Todos queríamos leer sus cuentos y su poesía, pero él era tan refinado o pudoroso que nos escondía esos escritos y decía que solo se publicarían después de su muerte
Con apenas quince años, Jimmy Barclays entró a trabajar como practicante al diario “La Prensa” porque su madre, Dorita Lerner, preocupada por su conducta díscola, quería que hiciera algo útil durante las vacaciones escolares y era amiga del director del periódico, Arturo Salcedo, a quien le pidió que se inventase un empleo no remunerado para su hijo descarriado, oveja negra, que no había querido confirmarse en la religión católica y afirmaba con insolencia que había dejado de creer en Dios, lo que sumía a Dorita en profundas depresiones.
Canoso, risueño, narigón, Salcedo, director y dueño del periódico, recibió al joven Barclays en el vetusto local del diario y le encomendó que se ocupase de cortar los cables que llegaban estrepitosamente a los teletipos de la página internacional.

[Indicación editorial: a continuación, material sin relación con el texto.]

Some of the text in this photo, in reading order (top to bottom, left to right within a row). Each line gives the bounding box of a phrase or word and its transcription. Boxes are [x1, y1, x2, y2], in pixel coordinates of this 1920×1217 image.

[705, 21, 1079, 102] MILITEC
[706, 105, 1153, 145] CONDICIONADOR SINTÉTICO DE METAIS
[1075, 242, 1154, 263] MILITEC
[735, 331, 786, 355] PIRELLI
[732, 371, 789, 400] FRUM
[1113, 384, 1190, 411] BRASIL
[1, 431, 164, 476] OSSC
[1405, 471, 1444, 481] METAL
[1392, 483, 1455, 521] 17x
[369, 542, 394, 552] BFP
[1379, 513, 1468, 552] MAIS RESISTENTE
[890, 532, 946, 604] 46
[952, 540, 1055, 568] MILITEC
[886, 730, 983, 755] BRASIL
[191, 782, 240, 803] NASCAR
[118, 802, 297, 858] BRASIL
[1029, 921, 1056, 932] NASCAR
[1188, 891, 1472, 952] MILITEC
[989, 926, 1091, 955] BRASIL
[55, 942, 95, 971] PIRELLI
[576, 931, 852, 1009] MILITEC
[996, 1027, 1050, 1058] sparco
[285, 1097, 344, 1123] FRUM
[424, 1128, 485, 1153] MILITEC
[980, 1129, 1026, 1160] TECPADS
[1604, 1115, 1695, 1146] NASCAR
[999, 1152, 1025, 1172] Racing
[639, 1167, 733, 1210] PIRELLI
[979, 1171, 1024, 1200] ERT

Rodeado de periodistas veteranos que golpeaban con frenesí sus viejas máquinas de escribir en una sala de redacción que parecía manicomio o cantina o meretricio, Barclays comprendió que había llegado al lugar correcto. Fue así como el virus del periodismo le fue inoculado. Fue así como conoció a los genios.
Los genios, así llamados por el jefe de la página editorial, don Jorge Wallace, o los jóvenes turcos, así llamados por el director del diario, eran todos estudiantes de la universidad católica, precoces escritores e intelectuales, promesas de la política, entre los diecinueve y veintiún años, y ocupaban cargos importantes en el periódico. Unos pocos años mayores que Barclays, lo adoptaron inmediatamente como el benjamín de la cofradía. Los genios poseían inteligencias deslumbrantes. Habían sido elegidos y convocados por el líder de la secta, Federico Salcedo, hijo del director del periódico, el único de los genios que no asistía a la universidad católica, pues se declaraba ateo y estudiaba en una universidad pública. Narigón y risueño como su padre, lector infatigable de los clásicos pensadores liberales, adorador de Borges, poeta clandestino, Salcedo pensaba como un liberal extremo y vivía como un libertino: era alcohólico, amanecía en las cantinas del centro, y amaba a las mujeres, no solo a sus novias oficiales y furtivas, sino principalmente a las putas, de las que era amigo y confidente. Era, pues, un poeta beodo y putañero, y sus discípulos genios lo adoraban por su talento intelectual y su vida licenciosa. Dirigía el suplemento dominical del diario. Todas las semanas, invitaba a una puta o a una vedette a las oficinas del suplemento, la hacía bailar en tanga sobre la mesa principal de la redacción, la entrevistaba y le hacía fotos y le daba dos páginas ese domingo. Naturalmente, las putas lo amaban y no le cobraban.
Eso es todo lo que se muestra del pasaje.